--- Working data Enclosed Below ---
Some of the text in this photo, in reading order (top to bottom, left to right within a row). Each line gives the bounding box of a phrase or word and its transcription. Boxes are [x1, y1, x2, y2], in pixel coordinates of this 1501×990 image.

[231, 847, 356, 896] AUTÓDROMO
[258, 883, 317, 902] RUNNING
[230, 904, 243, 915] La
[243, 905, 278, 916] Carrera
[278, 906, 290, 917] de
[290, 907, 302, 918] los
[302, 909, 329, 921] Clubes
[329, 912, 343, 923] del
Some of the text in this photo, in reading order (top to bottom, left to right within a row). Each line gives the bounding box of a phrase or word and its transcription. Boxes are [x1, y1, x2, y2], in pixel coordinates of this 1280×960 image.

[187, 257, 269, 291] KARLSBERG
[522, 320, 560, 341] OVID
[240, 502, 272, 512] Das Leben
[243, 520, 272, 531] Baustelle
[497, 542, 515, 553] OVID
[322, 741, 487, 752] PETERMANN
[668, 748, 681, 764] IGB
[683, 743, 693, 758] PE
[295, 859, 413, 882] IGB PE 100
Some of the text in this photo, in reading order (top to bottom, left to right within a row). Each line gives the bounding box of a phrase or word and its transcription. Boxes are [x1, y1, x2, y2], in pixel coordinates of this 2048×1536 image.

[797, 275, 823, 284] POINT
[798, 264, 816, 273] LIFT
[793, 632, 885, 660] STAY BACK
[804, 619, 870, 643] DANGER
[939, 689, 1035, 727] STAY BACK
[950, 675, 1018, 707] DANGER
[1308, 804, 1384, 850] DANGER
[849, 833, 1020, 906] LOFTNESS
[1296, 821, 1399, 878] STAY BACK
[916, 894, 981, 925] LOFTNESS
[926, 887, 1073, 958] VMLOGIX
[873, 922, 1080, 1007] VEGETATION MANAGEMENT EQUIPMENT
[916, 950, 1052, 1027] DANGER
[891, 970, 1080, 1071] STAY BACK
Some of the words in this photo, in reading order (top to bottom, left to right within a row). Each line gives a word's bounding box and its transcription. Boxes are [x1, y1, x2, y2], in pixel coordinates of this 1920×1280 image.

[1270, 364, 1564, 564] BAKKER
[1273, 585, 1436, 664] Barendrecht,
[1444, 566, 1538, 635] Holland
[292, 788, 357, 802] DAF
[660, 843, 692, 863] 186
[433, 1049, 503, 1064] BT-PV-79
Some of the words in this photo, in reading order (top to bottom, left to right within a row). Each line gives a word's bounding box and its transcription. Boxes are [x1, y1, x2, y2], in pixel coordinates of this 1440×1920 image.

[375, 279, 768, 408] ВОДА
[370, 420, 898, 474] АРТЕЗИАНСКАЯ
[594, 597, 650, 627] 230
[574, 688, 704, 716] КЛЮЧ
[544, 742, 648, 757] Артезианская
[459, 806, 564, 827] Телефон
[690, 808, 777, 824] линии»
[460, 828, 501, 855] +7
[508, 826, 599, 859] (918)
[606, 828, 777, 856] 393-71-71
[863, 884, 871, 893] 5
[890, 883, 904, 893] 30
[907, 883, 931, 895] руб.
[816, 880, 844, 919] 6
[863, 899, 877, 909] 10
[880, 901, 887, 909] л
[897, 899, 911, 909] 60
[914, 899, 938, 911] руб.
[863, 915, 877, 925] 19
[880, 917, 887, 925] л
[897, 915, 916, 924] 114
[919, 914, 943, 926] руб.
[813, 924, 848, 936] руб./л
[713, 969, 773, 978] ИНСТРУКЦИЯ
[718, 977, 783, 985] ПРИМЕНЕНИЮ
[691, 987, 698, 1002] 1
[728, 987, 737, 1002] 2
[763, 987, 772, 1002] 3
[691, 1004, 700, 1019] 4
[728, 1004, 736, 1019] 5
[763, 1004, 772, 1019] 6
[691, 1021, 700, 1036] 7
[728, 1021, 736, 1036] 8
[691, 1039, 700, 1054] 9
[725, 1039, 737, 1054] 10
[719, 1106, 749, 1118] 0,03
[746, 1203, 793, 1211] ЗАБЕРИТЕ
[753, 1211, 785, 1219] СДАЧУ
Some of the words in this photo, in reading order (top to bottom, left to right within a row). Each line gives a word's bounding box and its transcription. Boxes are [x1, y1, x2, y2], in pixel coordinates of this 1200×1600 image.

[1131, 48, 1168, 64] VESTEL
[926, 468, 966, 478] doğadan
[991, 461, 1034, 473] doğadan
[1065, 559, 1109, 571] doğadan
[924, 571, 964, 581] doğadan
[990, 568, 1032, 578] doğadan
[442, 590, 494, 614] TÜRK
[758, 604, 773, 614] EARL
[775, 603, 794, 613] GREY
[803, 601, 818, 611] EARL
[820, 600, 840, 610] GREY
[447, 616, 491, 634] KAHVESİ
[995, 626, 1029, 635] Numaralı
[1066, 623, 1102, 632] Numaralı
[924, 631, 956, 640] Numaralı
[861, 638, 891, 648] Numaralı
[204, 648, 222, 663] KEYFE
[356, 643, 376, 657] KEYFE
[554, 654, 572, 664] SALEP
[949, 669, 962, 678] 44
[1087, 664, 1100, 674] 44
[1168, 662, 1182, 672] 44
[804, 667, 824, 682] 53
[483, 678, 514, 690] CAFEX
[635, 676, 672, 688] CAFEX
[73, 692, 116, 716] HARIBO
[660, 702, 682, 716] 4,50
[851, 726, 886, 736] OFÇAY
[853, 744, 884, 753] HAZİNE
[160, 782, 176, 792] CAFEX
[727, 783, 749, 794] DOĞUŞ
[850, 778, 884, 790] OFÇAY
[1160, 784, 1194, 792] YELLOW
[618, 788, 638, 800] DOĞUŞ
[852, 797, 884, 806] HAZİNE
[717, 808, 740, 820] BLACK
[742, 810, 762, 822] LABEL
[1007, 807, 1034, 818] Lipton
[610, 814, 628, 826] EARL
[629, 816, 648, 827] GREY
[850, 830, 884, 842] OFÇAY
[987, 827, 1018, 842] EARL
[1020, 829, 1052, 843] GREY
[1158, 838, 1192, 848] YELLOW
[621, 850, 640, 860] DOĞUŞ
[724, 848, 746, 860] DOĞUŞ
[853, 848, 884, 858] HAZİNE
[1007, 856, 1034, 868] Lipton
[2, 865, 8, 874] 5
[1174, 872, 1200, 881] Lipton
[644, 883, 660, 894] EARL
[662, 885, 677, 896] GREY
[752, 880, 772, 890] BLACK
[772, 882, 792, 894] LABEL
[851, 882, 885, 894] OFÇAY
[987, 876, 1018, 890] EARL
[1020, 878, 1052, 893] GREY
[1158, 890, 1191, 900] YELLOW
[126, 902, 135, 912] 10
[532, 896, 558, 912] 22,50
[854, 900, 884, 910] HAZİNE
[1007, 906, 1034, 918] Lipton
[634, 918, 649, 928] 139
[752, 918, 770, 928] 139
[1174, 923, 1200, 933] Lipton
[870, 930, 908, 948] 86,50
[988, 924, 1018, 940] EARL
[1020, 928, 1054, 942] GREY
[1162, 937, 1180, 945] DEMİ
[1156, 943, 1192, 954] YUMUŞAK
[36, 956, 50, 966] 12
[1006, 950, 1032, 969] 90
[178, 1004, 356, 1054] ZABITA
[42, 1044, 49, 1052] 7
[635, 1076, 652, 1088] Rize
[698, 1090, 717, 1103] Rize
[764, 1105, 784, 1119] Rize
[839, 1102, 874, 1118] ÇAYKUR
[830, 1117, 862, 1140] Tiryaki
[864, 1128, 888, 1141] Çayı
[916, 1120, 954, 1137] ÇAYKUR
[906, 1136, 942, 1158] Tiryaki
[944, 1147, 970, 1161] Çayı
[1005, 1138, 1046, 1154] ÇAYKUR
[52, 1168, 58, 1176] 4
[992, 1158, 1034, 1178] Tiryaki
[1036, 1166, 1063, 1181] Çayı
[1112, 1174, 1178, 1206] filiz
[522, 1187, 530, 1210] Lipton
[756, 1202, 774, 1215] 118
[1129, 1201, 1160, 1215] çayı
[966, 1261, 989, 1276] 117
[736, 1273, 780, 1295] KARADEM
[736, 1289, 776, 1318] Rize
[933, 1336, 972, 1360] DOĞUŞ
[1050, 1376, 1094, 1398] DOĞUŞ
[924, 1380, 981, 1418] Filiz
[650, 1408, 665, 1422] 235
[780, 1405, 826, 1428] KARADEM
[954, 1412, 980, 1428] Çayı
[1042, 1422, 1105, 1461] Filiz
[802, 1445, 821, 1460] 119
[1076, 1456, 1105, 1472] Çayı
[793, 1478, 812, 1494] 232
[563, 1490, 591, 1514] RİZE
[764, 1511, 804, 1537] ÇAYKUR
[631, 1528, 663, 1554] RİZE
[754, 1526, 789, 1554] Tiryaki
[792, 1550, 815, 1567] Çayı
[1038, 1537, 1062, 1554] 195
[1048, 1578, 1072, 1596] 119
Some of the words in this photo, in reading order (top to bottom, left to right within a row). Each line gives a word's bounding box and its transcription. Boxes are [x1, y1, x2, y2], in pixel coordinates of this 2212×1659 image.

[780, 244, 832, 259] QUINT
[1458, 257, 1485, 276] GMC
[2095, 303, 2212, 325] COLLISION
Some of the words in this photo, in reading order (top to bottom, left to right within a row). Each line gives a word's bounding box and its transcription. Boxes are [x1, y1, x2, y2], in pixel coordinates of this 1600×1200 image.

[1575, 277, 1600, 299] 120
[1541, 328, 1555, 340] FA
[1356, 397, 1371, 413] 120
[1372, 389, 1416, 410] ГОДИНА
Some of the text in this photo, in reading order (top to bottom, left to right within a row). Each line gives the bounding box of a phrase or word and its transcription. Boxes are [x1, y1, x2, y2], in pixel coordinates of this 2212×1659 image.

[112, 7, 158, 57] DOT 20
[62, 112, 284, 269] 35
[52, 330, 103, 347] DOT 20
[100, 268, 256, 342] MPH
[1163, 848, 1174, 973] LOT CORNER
--- End of Enclosed Working data ---
* **Requirement**
Write out exactly the lines that begin at the one containing "this 1600×1200 image." and continue through the last line of the data, and only those.

* **Solution to this exercise**
Some of the words in this photo, in reading order (top to bottom, left to right within a row). Each line gives a word's bounding box and its transcription. Boxes are [x1, y1, x2, y2], in pixel coordinates of this 1600×1200 image.

[1575, 277, 1600, 299] 120
[1541, 328, 1555, 340] FA
[1356, 397, 1371, 413] 120
[1372, 389, 1416, 410] ГОДИНА
Some of the text in this photo, in reading order (top to bottom, left to right within a row). Each line gives the bounding box of a phrase or word and its transcription. Boxes are [x1, y1, x2, y2], in pixel coordinates of this 2212×1659 image.

[112, 7, 158, 57] DOT 20
[62, 112, 284, 269] 35
[52, 330, 103, 347] DOT 20
[100, 268, 256, 342] MPH
[1163, 848, 1174, 973] LOT CORNER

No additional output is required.